Multiscale relationships between forest structures, saproxylic diversity, deadwood decay and carbon cycle in a changing world

In this project we focus on deadwood dynamics in forests and make use of a long-term set of forest inventory and species diversity data across Switzerland covering the most important central European forest types from lowland to high-elevation forests. 
We aim at providing a holistic assessment of deadwood dynamics by considering the interplay between abiotic and biotic variables related to climate, management, forest structure and deadwood-related organisms. To achieve this, we will integrate forest inventory, soil and saproxylic species datasets, top notch remote sensing methods, detailed complementary field studies, and cutting-edge modelling exercises. This will provide novel scientific insights on the current and future dynamics of deadwood, the hotspots of functional diversity and species of conservation concern, as well as the deadwood related carbon cycle and storage of deadwood-carbon in soils.

WP 1 – Forest structure, deadwood, and saproxylic communities

Lead: Martina Hobi & Thibault Lachat
 

WP 1 investigates how forest structures – in particular deadwood originating from both management interventions  and natural disturbances – shape saproxylic beetle communities from plot to landscape level and along gradients of management and disturbance intensity. It integrates existing dataset, including those from the Swiss Forest Reserves Network (www.waldreservate.ch) and extensive data on saproxylic beetles and fungi. Deadwood availability and diversity will be further characterized by using close range remote sensing methods such as mobile laser scanning and spectral data. Additional data will be collected in the vicinity of plots with standardized forest inventories and monitoring of saproxylic fungi and To upscale from plot to landscape level, deadwood information at the plot level will be linked with remote sensing data to be able to model deadwood-availability wall-to-wall. To make the link to managed forests, this WP identifies disturbance prone forests and assesses how management intensity influences the ecological importance of deadwood response of species respond to management. Together, these components will be integrated to map saproxylic biodiversity patterns across landscapes and identify conservation-relevant hotspots.

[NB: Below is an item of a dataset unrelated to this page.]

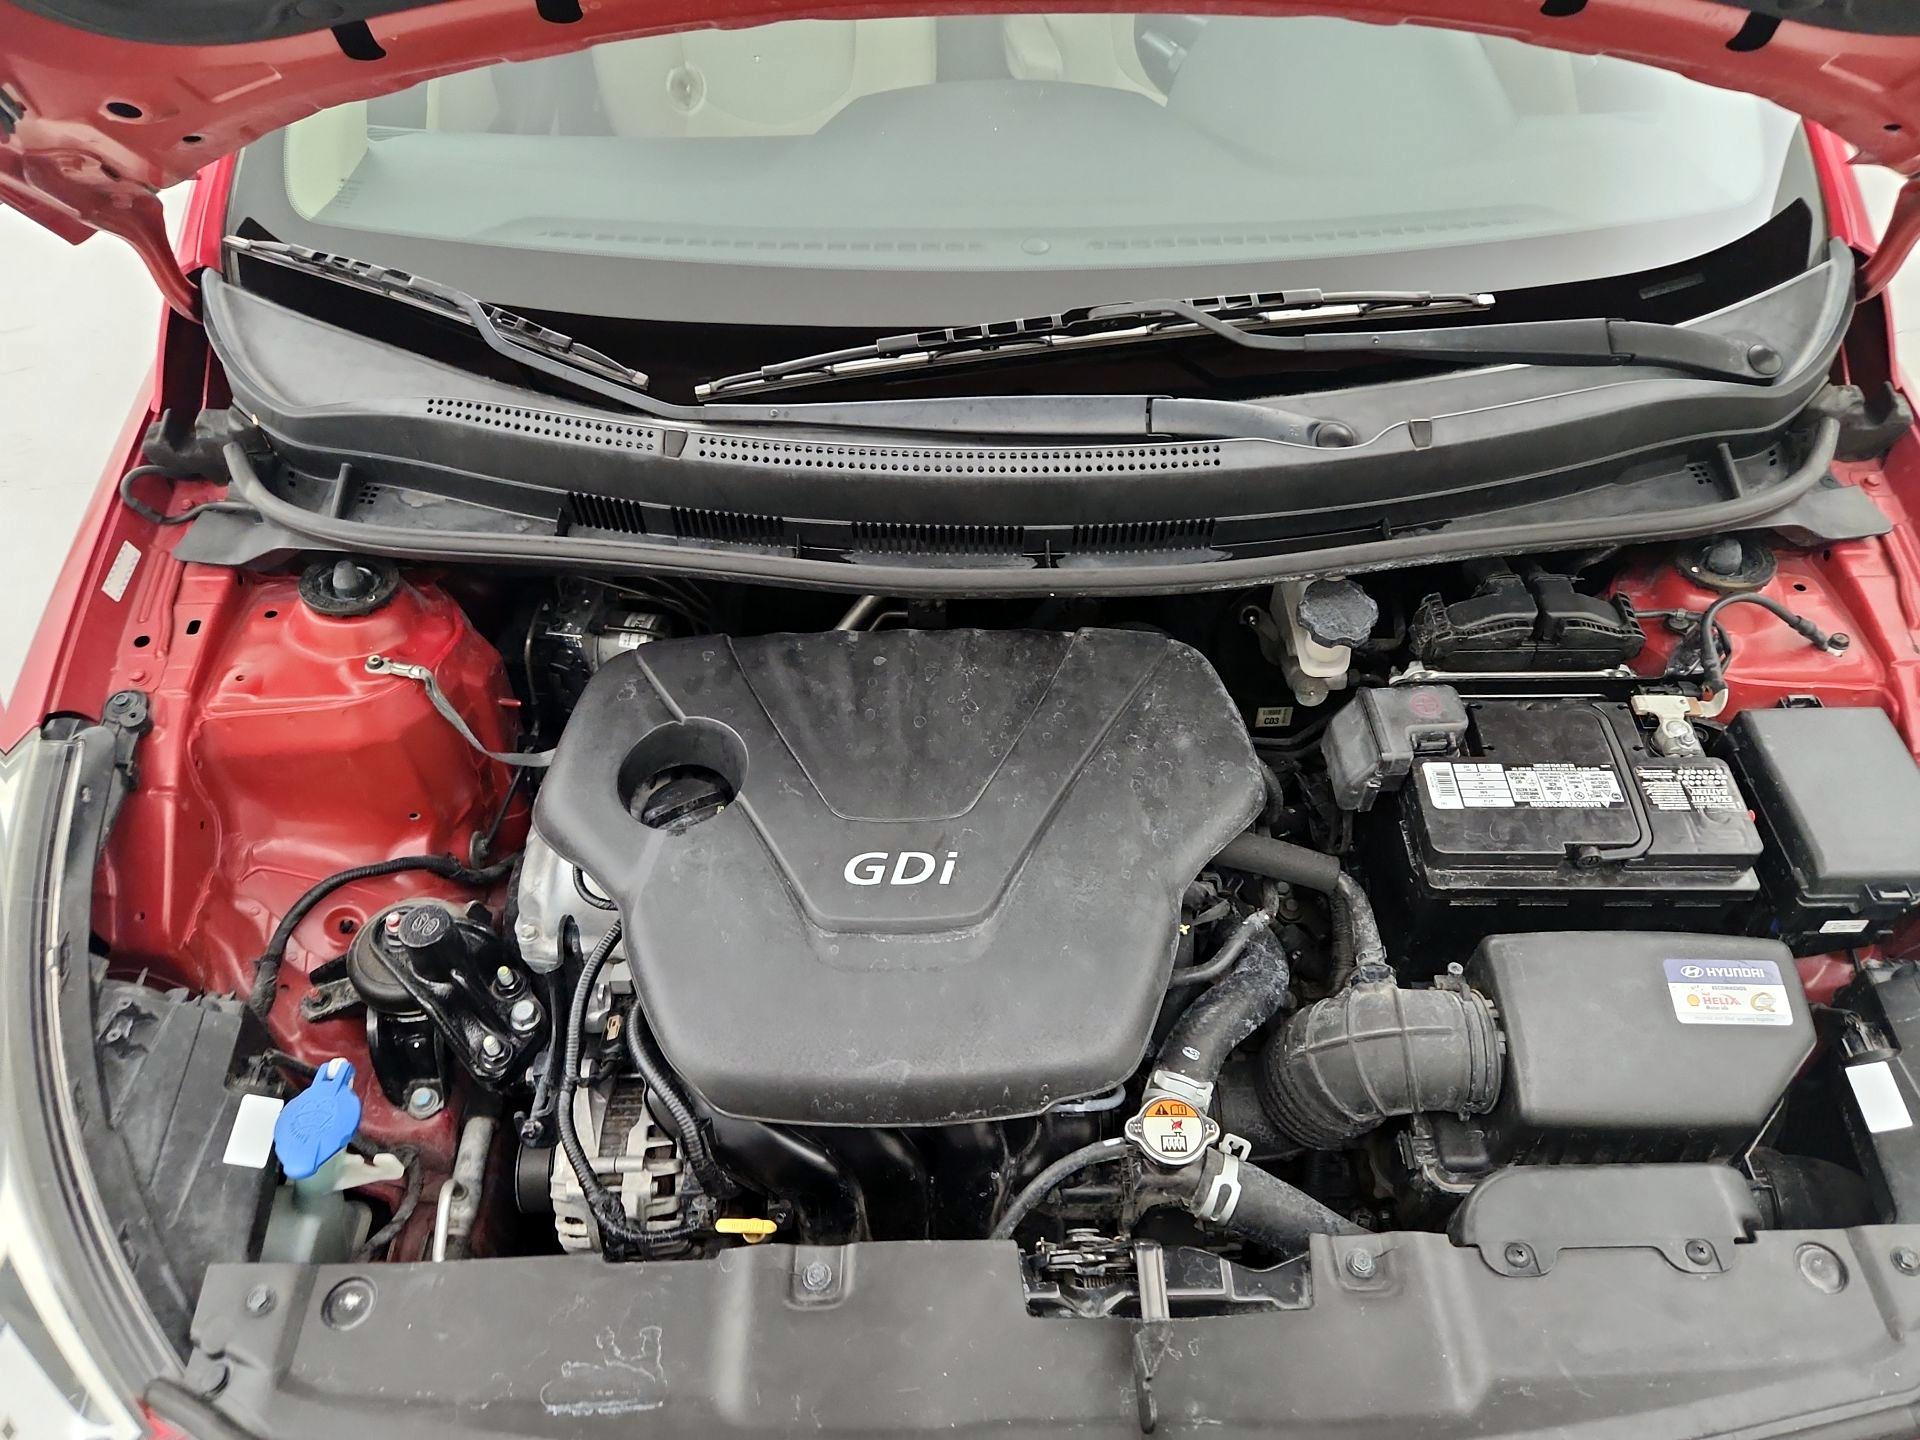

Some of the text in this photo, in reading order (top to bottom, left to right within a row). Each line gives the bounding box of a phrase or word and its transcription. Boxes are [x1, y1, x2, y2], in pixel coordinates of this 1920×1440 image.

[843, 851, 958, 886] GDi
[1705, 967, 1766, 978] HYUNDAI
[1702, 995, 1740, 1006] HELIX

WP 2 – Temporal deadwood dynamics

Lead: Harald Bugmann
 

WP 2 investigates how deadwood changes over time in Swiss forests by analysing long-term trends and projecting future dynamics under climate change. Using extensive time series from the Swiss Forest Reserve Network, it quantifies deadwood production rates, residence times, and the environmental and stand-level factors that drive them. Additional coarse woody debris data from reserves and managed forests are used to refine decay models and assess spatial patterns in density and decomposition stages. These insights feed into the development of a new dynamic deadwood model that tracks standing and lying deadwood through decay classes and is coupled with the forest dynamics model ForClim. The combined modelling framework enables projections of future deadwood development under different climate and disturbance scenarios and links deadwood turnover with soil carbon processes.

WP 3 – From deadwood to soil: carbon and nutrient fluxes

Lead: Frank Hagedorn
 

WP 3 quantifies how much carbon, nitrogen, and phosphorus from coarse woody debris (CWD) enter forest soils and how this contributes to soil organic matter (SOM) formation. Using unique CWD chronosequences spanning up to 70 years, it measures nutrient pools in deadwood, forest floors, and mineral soils. The WP fractionates SOM into meaningful biochemical pools and uses stable isotopes, spectroscopic analyses, and leachate sampling to track CWD-derived inputs. Radiocarbon data help estimate residence times of carbon in both CWD and SOM fractions. Mixing models quantify the proportion of soil carbon originating from deadwood. WP 3 also assesses which biotic and abiotic factors control these fluxes by integrating climate, stand structure, and decomposer community data. The results inform both the dynamic modelling in WP 2 and the functional analyses in WP 4. 

WP 4 – Synthesis, upscaling, and integration

Lead: Martin Gossner
 

WP 4 synthesizes the findings from WPs 1–3 to understand how decomposer communities, deadwood decay, and carbon dynamics interact across spatial and temporal scales. It characterizes the active fractions of bacteria, fungi, and invertebrates involved in deadwood decomposition using advanced molecular tools to determine their functional roles and complementary contributions. These community data are linked with deadwood decay processes, forest structure, and environmental conditions to identify the main drivers of decomposition and carbon cycling. The WP also examines how abiotic filtering and forest management shape taxonomic and functional diversity at alpha-, beta-, and gamma-scales, and how these patterns translate into ecosystem functioning. Landscape-scale analyses integrate large beetle and fungal datasets to detect hotspots of conservation-relevant species and potential positive or negative associations that influence decay. WP 4 then combines all information into structural models that connect decomposer trajectories with deadwood production, decay, and carbon flows. Finally, it scales these processes from plots to stands and ultimately to the national level by integrating deadwood and community models with forest landscape models under climate and management scenarios. Together, WP 4 provides the comprehensive synthesis needed to project future deadwood and biodiversity dynamics in Swiss forests.